General of Ningguta
- In office 1662–1683
- Succeeded by: Intu

Personal details
- Died: 1696
- Parent: Šarhūda (father);

Military service
- Allegiance: Qing dynasty
- Branch/service: Manchu Bordered Blue Banner
- Battles/wars: Sino-Russian border conflicts

= Bahai (Qing dynasty) =

Bahai (Manchu:, Mölendroff: bahai; 巴海, died 1696) was a Manchu military commander during the early Qing dynasty.

He was the eldest son of Šarhūda of the Gūwalgiya clan, which belonged to the Manchu Bordered Blue Banner. Beginning as a captain, he was appointed in 1657 a reader in the Bishu yüan (秘書院). In 1659 he succeeded his father who died in that year and was made a commander of the garrison troops at Ninguta. At the same time he inherited his father's rank of baron (男) of the first class. In 1660 he reported a complete victory over the Russian troops under Afanasy Pashkov (d. 1664, founded Nerchinsk in 1658) at the village of Gufatan (古法檀) which was in the Shilka River region. In 1661, upon the discovery that Bahai had purposely omitted troop losses in this battle in his reports, he was deprived of his hereditary rank of baron. Nonetheless in 1662 he was appointed the first military-governor of Ninguta. In 1673, he was rewarded for his success in organizing a tribe of natives called the Meljere into 40 companies known as the New Manchus (新滿洲), as a result he was given a minor hereditary rank five years later.
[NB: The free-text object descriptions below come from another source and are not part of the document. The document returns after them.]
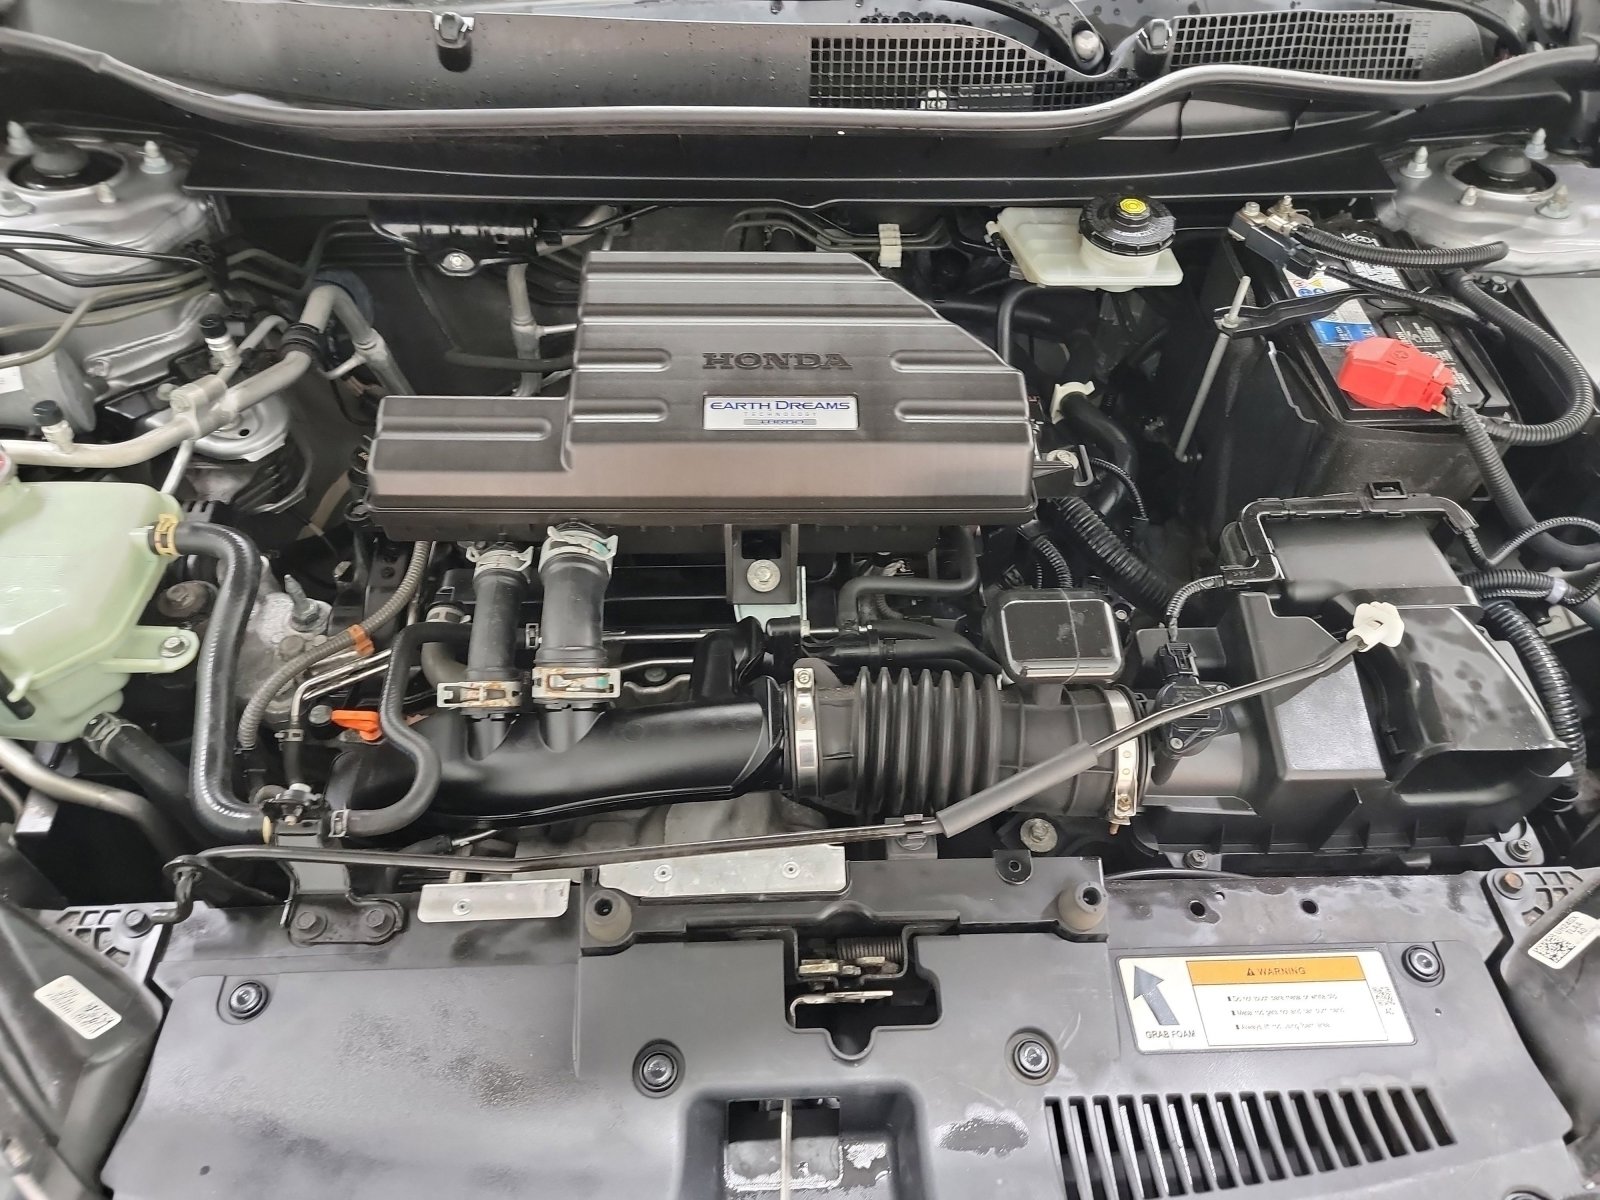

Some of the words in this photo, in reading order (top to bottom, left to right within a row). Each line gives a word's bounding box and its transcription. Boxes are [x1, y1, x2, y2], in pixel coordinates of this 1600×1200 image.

[702, 352, 853, 370] HONDA
[710, 402, 771, 410] EARTH
[775, 400, 850, 410] DREAMS
[1258, 966, 1306, 976] WARNING
[1145, 1030, 1170, 1039] GRAB
[1171, 1029, 1196, 1038] FOAM
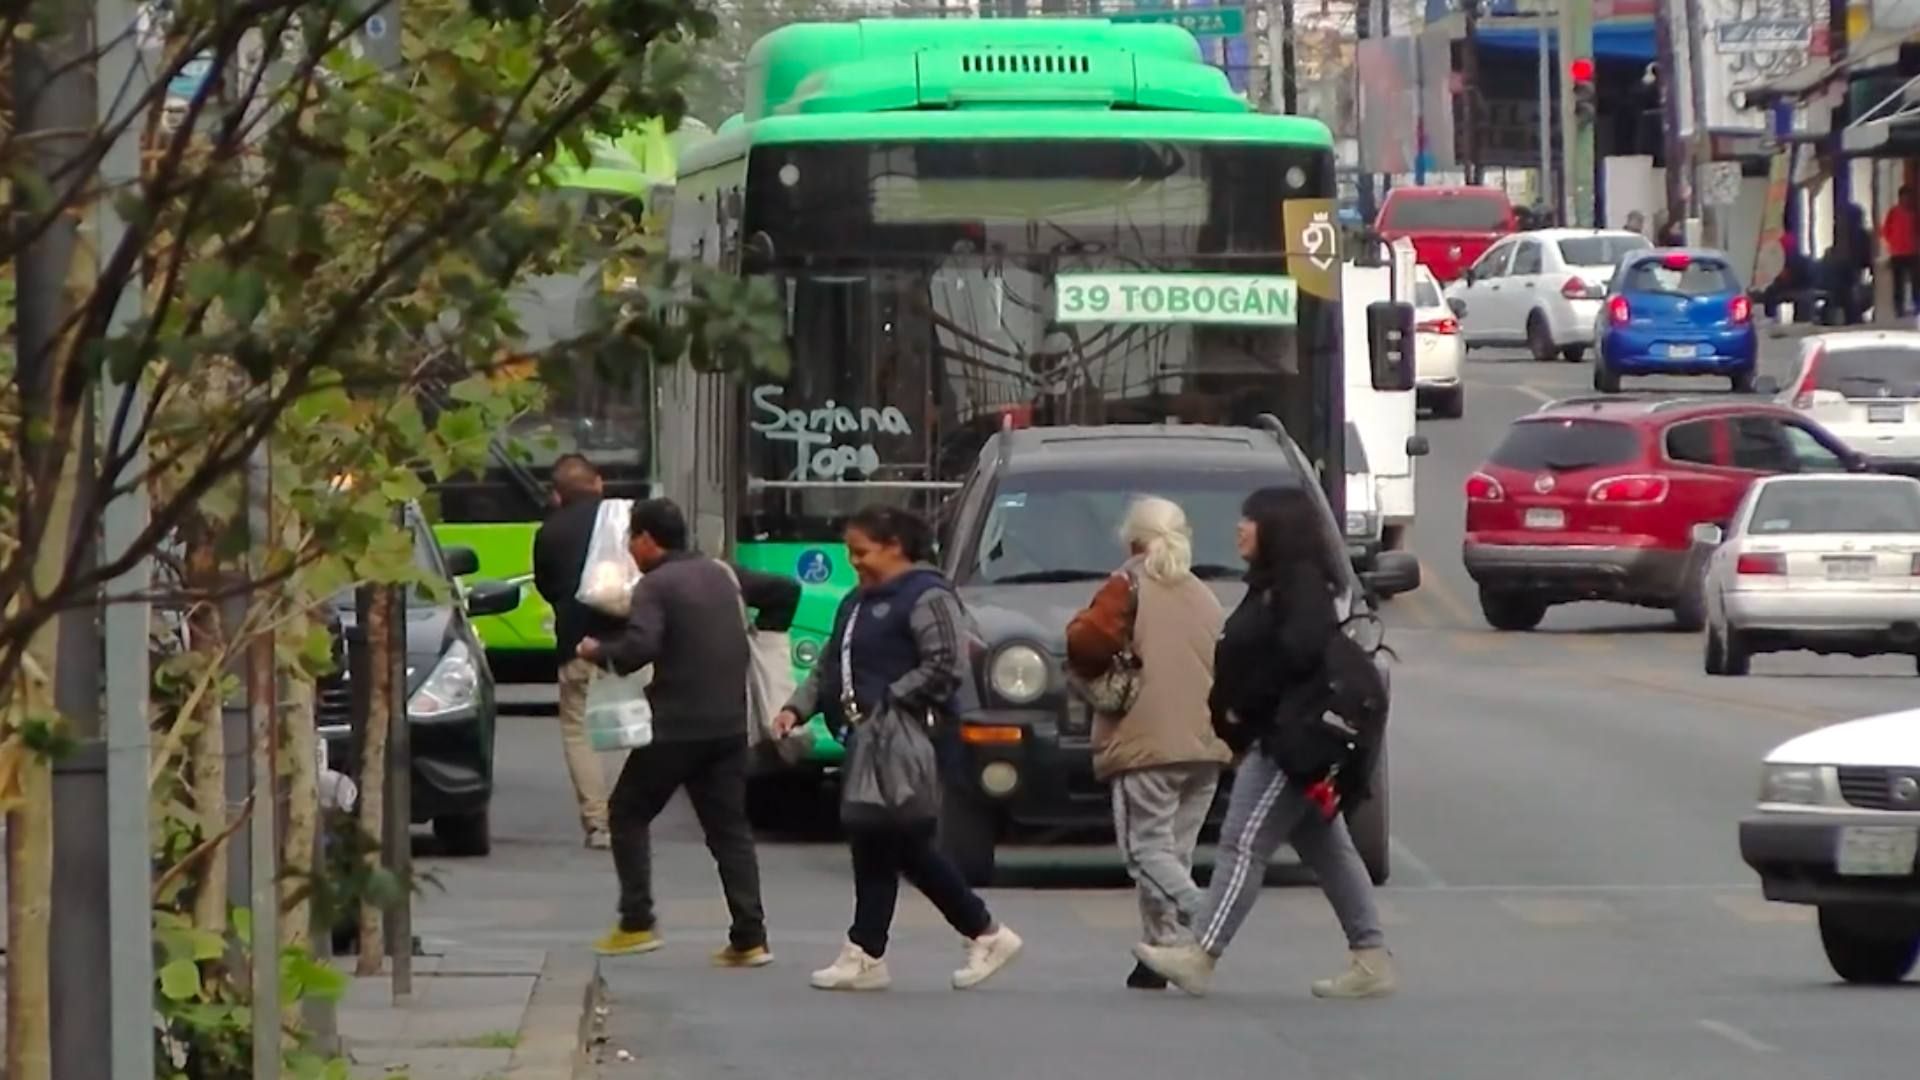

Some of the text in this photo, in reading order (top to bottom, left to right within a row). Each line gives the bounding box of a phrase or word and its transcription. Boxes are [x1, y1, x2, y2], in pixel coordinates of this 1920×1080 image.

[1064, 279, 1289, 315] 39 TOBOGÁN
[751, 384, 912, 435] Soriana
In 1676 he removed his headquarters to a city west of Ninguta, called Kirin, and from 1682–83 took part in the preparations for attacking the Russians at Albazin. He was deprived of all offices in 1683 after he falsely reported a famine that did not exist. But from 1684 to 1696 he served in Peking as a lieutenant-general in the Mongol Bordered Blue Banner.